|Year : 1990 | Volume
| Issue : 3 | Page : 230-231
Candidial esophagitis - A marker for HIV infection
B Kumar, M Rajagopalan, S Sehgal
Source of Support: None, Conflict of Interest: None
A case of AIDS manifested as candidial esophagitis. In addition , he had genital herpes, frequent diarrhoea, loss of weight and generalized lymphadenopathy. The diagnosis was confirmed by endoscopy. The patient died in 3 months due to unremitting diarrhoea. This importance of candidial esophagitis in a person at risk for developing AIDS is highlighted.
Keywords: AIDS, Candidiai esophagitis
|How to cite this article:|
Kumar B, Rajagopalan M, Sehgal S. Candidial esophagitis - A marker for HIV infection. Indian J Dermatol Venereol Leprol 1990;56:230-1
|How to cite this URL:|
Kumar B, Rajagopalan M, Sehgal S. Candidial esophagitis - A marker for HIV infection. Indian J Dermatol Venereol Leprol [serial online] 1990 [cited 2019 Sep 18];56:230-1. Available from: http://www.ijdvl.com/text.asp?1990/56/3/230/3534
AIDS has already made its mark in India. More than 525 sero-positives and 25 cases are known in India. We report another case of AIDS detected at our centre who presented with symptoms of difficulty in swallowing and was found to have extensive esophageal candidiasis.
| Case Report|| |
A 40-year-old man was referred to our STD clinic with two years history of genital herpes and frequent diarrhoea, loss of weight and odynophagia. The patient had earlier noticed swellings in the axillae and inguinal region. Examination revealed oral candidiasis, genital herpes simplex infection, generalized lymphadenopathy and emaciation. The patient had a history of having received two blood transfusions while at Dubai four years ago. He denied any homosexual experience and also premarital or extramarital sexual contacts. All the other members of the patient's family were completely normal and asymptomatic.
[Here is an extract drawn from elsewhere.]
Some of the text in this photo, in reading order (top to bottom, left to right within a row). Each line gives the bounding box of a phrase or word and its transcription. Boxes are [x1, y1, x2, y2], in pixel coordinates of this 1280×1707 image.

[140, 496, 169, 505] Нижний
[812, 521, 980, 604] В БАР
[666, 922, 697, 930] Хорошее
A tentative diagnosis of AIDS with candidial esophagitis was made. Barium swallow revealed irregular filling defects throughout the esophagus [Figure - 1]. Esophageal specimens taken at endoscopy grew Candida a/bicans. The stools culture also grew Candida. The patient was found to be HIV positive by ELISA. Western Blot done using a Dupont kit demonstrated antibodies to all the three gene products. The T4/T8 ratio using a Dakkopats, Denmark, reagent was 0.8 and the T cell counts were significantly lower than normal. His wife was HIV negative. The children were not tested.
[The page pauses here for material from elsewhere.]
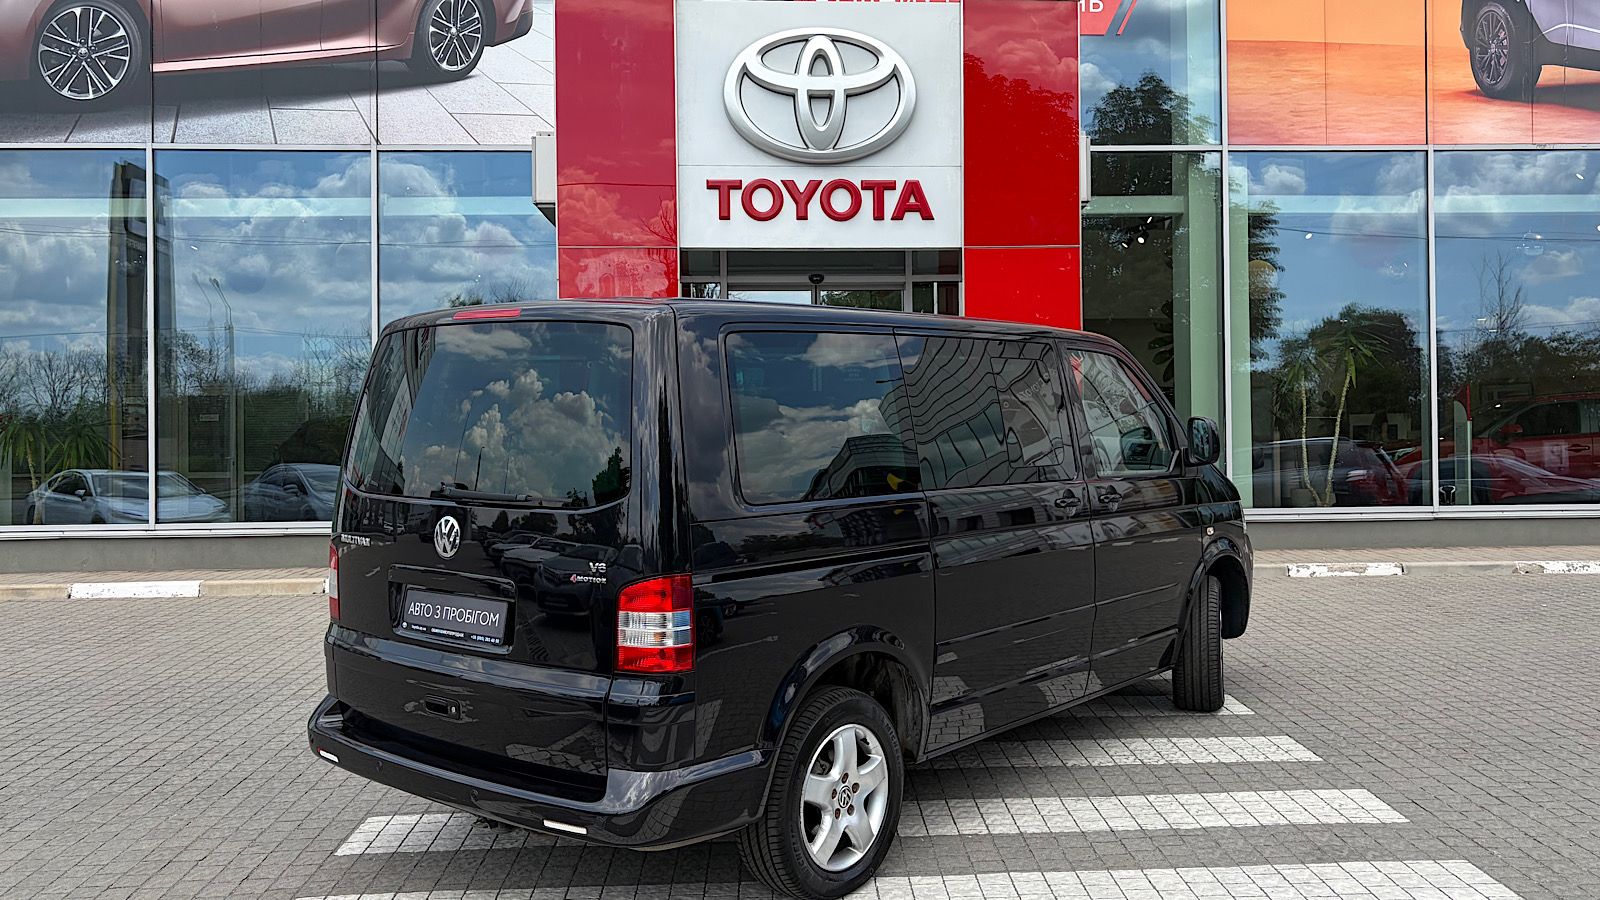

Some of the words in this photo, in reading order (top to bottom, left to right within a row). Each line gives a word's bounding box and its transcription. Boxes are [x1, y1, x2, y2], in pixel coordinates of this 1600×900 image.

[706, 178, 935, 222] TOYOTA
[408, 602, 432, 617] АВТО
[442, 607, 499, 627] ПРОБІГОМ
On treatment with oral ketoconazole (200 mg twice daily for 10 days), only the candidial growth could be controlled but the diarrhoea did not respond to any therapeutic measures. Terminally, he had rapidly worsening diarrhoea and died within 3 months.
| Comments|| |
This case report highlights the gastrointestinal manifestation of AIDS. To the best of our knowledge, this is the first known case of candidial esophagitis, reported in an AIDS patient in our Indian patient. In none of the previously reported symptomatic patients was candidial esophagitis present.,
It is estimated that 50-93% of all AIDS patients have marked gastro-intestinal symptoms during the course of their illness Diarrhoea is the most frequent. The immunosuppression caused by HIV facilitates infection by a wide range of opportunistic organisms. Candidial esophagitis is one such condition. It is the most frequent manifestation of fungal disease in the GIT. The association of oral thrush and esophageal candidiasis approaches 100 percent. Though the absence of thrush does not exclude esophagitis, all patients with oral thrush in AIDS are believed by some to have endoscopic evidence of candidial esophagitis. However, in the presence of esophagitis, one must look for CMV, herpes or other,protozoans. Esophageal symptoms of Candida improve on treatment with ketoconazole or other systemic anticandida agents.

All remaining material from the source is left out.